Sedie rotte, sdrai divelti, ombrelloni spezzati, tavoli distrutti, pietre divelte e frantumate, danni al bar della piscina...
E tutto questo accadeva quasi ogni sera, sotto gli occhi dei vigilanti della struttura.
Tutti sapevano chi erano i responsabili, e sarebbe stato facile coglierli sul fatto, ma anche questa situazione testimonia la clamorosa carenza organizzativa del villaggio.
Una famiglia ci ha confidato che aveva bisogno del medico del villaggio e dalla reception hanno risposto che era in ferie!!!
Il medico di una struttura turistica in ferie in agosto! Allucinante!

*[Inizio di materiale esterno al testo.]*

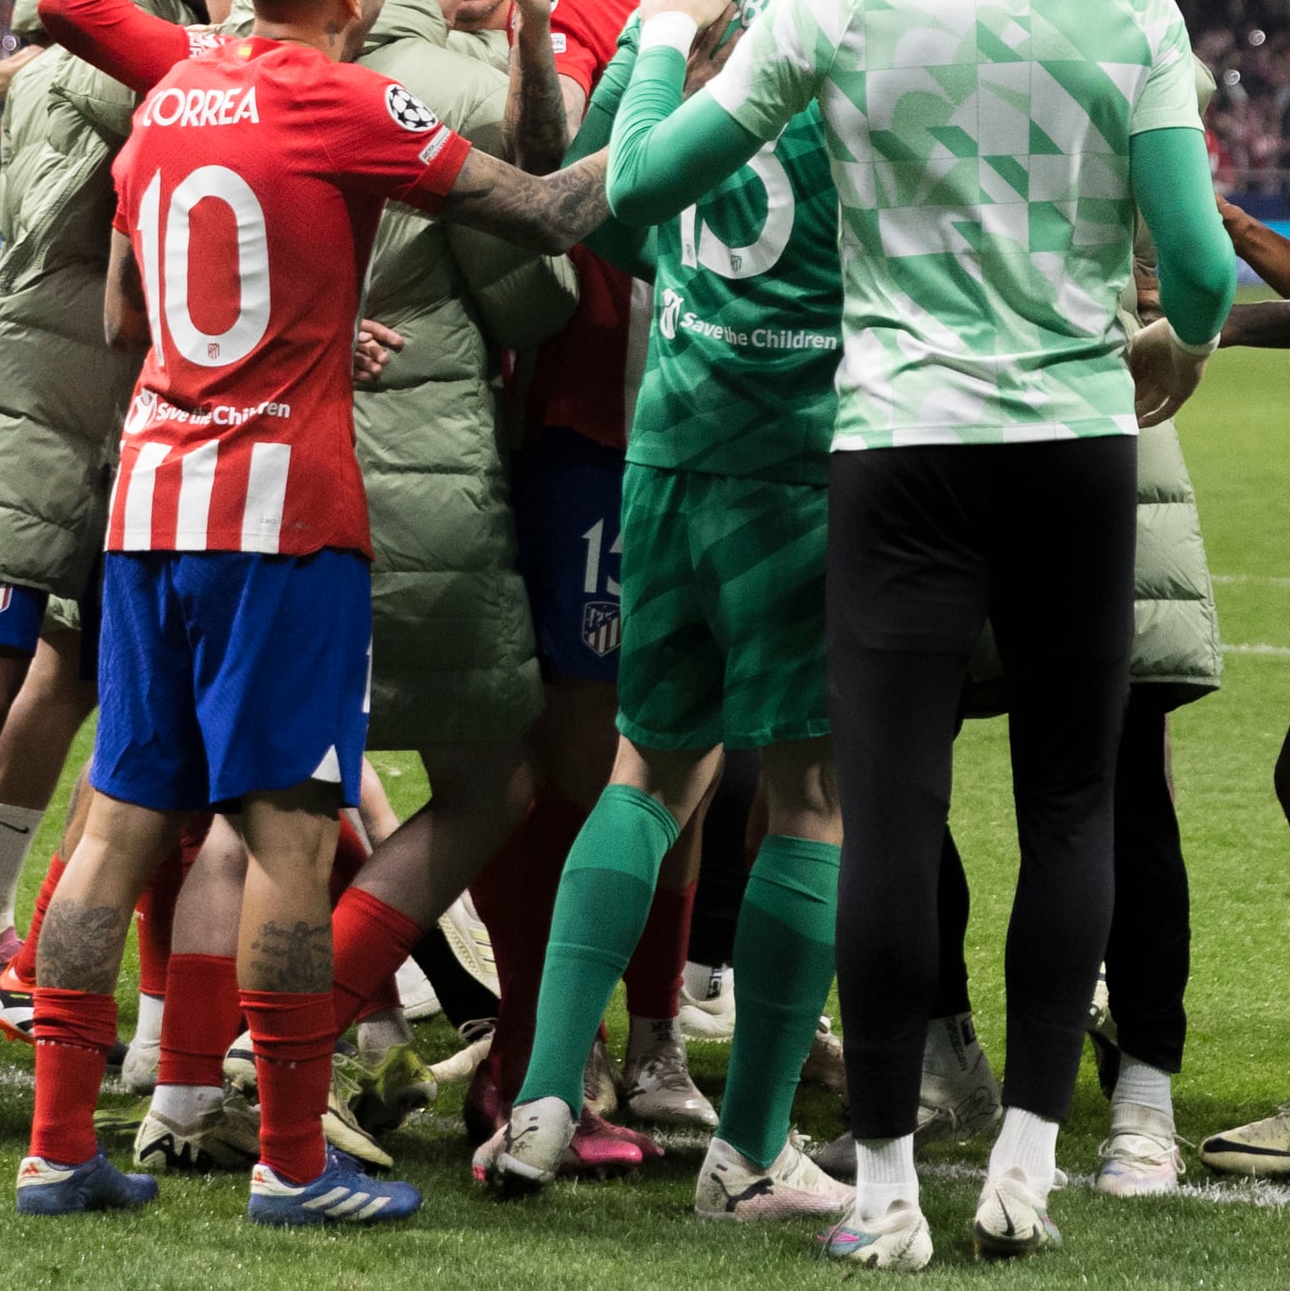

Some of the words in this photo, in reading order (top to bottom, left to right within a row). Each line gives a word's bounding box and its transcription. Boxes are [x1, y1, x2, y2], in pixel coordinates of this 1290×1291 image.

[143, 86, 259, 127] CORREA
[137, 164, 271, 368] 10
[679, 311, 723, 340] Save
[724, 326, 748, 347] the
[751, 328, 838, 350] Children

Inoltre, come si puo' evincere confrontando il contratto (Allegato 1) e la ricevuta (Allegato 2), noi avremmo dovuto pagare 1.722 ¤ (saldo) + 196 ¤ (consumi) + 420 ¤ (Tessera Club) + 100 ¤ (pulizia finale) + 50 ¤ (Letto aggiunto) = 2.488 ¤. Invece ci hanno fatto pagare 2.520 ¤. La differenze e' esigua, ma perche' dopo tutto quello che e' successo, hanno voluto rubarci 32 ¤? Visto i comportamenti precedenti degli addetti alla reception, sul posto abbiamo preferito lasciar perdere, ma in questa sede ci sembra giusto ricordare anche questo episodio. Per concludere, la descrizione di tutti gli episodi sopraccitati testimonia tre aspetti fondamentali.
-Il non rispetto del contratto da parte della direzione dello Jonio Club.

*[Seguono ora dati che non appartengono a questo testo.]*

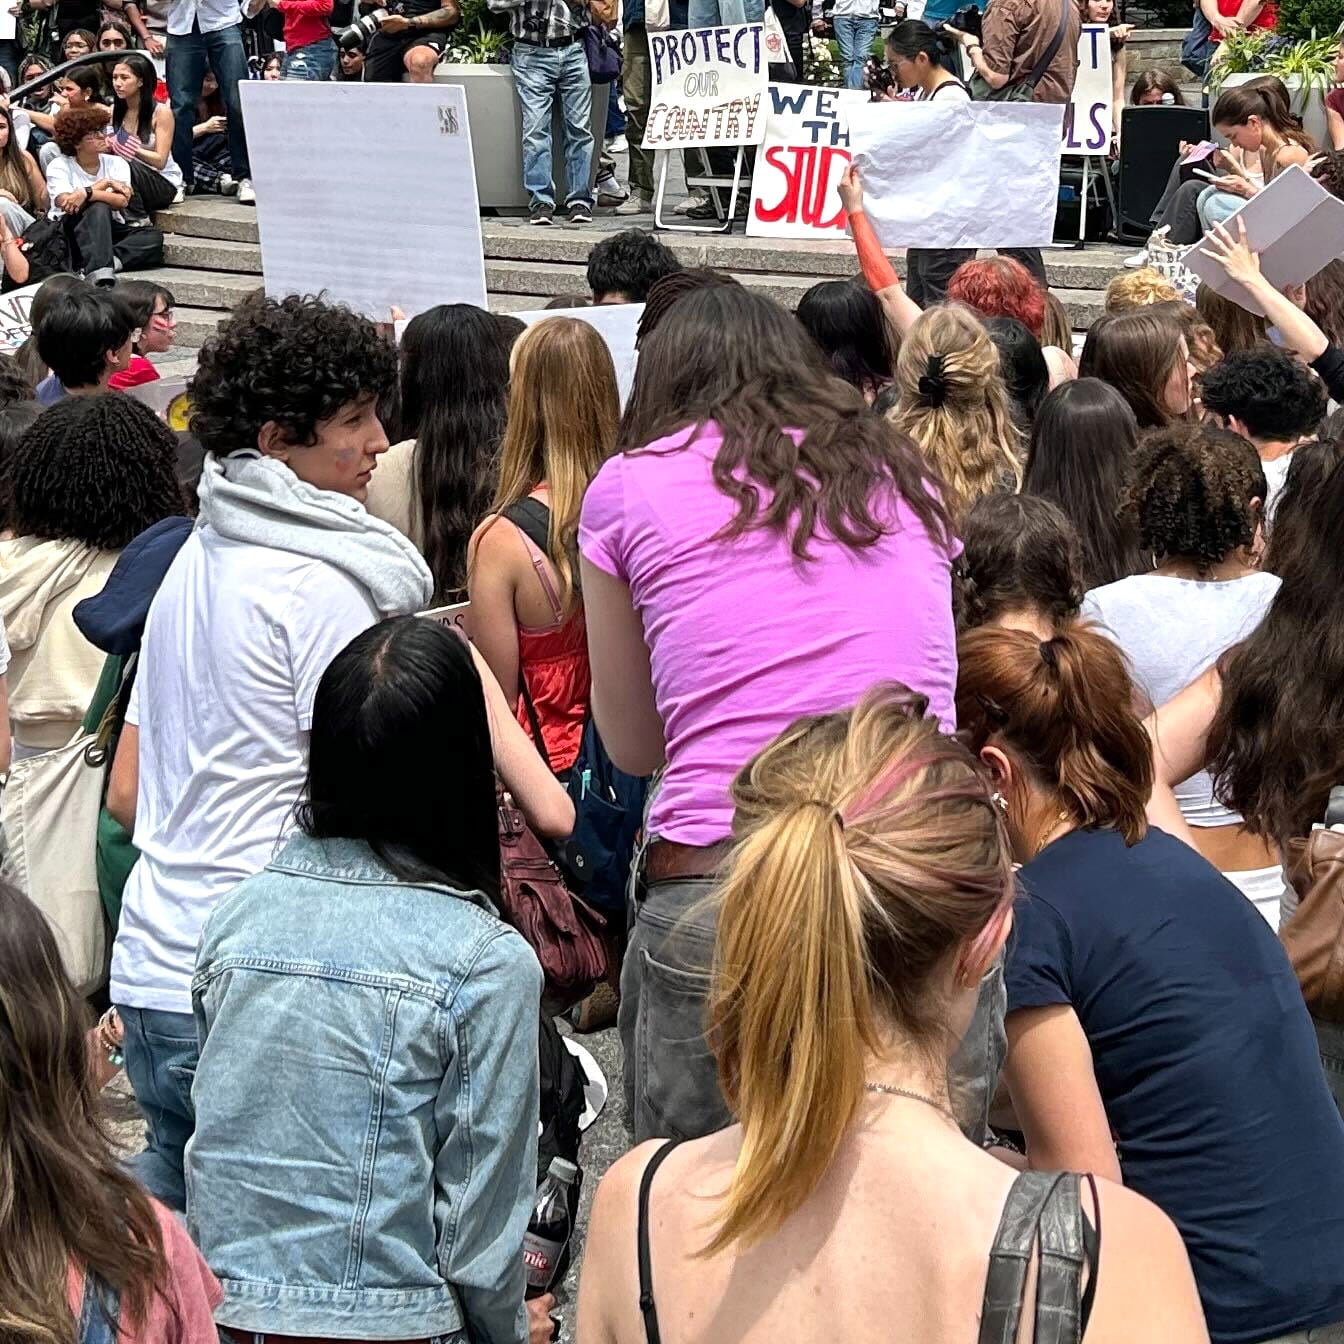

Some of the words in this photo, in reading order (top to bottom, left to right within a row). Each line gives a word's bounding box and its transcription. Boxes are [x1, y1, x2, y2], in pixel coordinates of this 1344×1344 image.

[652, 26, 763, 85] PROTECT
[684, 70, 719, 97] OUR
[768, 86, 839, 119] WE
[646, 93, 762, 144] COUNTRY

-La mancanza assoluta di organizzazione della struttura.
-La carenza clamorosa delle condizioni minime di sicurezza durante il periodo della nostra permanenza nel villaggio.

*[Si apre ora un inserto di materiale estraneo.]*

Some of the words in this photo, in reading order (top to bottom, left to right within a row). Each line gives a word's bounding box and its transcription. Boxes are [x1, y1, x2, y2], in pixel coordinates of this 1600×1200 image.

Inoltre, non abbiamo potuto usufruire di molte attivita' della struttura (feste, escursioni, serate in discoteca), a causa della paura e della non professionalita' degli addetti alla direzione e alla sicurezza del villaggio.
Per tutti questi motivi chiediamo la risoluzione del contratto, la restituzione di quanto versato e il risarcimento per i danni subiti (aggressione, paura, impossibilita' di muoversi liberamente a causa delle minacce rivolte contro di noi). Siamo stati danneggiati e chiediamo solo di ottenere un parziale risarcimento alle ingiustizie subite.
Resta inteso che se, entro una decina di giorni non si ricevera' nessuna risposta, prenderemo in considerazione la possibilita' di intraprendere un'azione di risarcimento nei confronti della struttura. Distinti Saluti.
Riccardo, da Guastalla/Reggio Emilia

Risposta ADUC
non abbiamo capito se lei ha gia' inviato la lettera al villaggio turistico o no. In ogni caso, sappi che la forma non e' appropriata ad ottenere un risarcimento danni. Un fac simile utile allo scopo lo trova a questo link
clicca qui
lo modifichi alla sua situazione. Purtroppo, da quello che ci racconta, e' fuori dai termini di legge (10 giorni dal ritorno), in ogni caso puo' provare a inviare una raccomandata A/R: la legge prende in considerazioni solo situazioni verificabili e certe, quindi sottolinei le discrepanze che ha riscontrato tra cio' che e' scritto in contratto (depliant compresi) e cio' che e' stata la realta', riportando i fatti in modo piu' succinto, in modo che le sue ragioni non perdano mordente.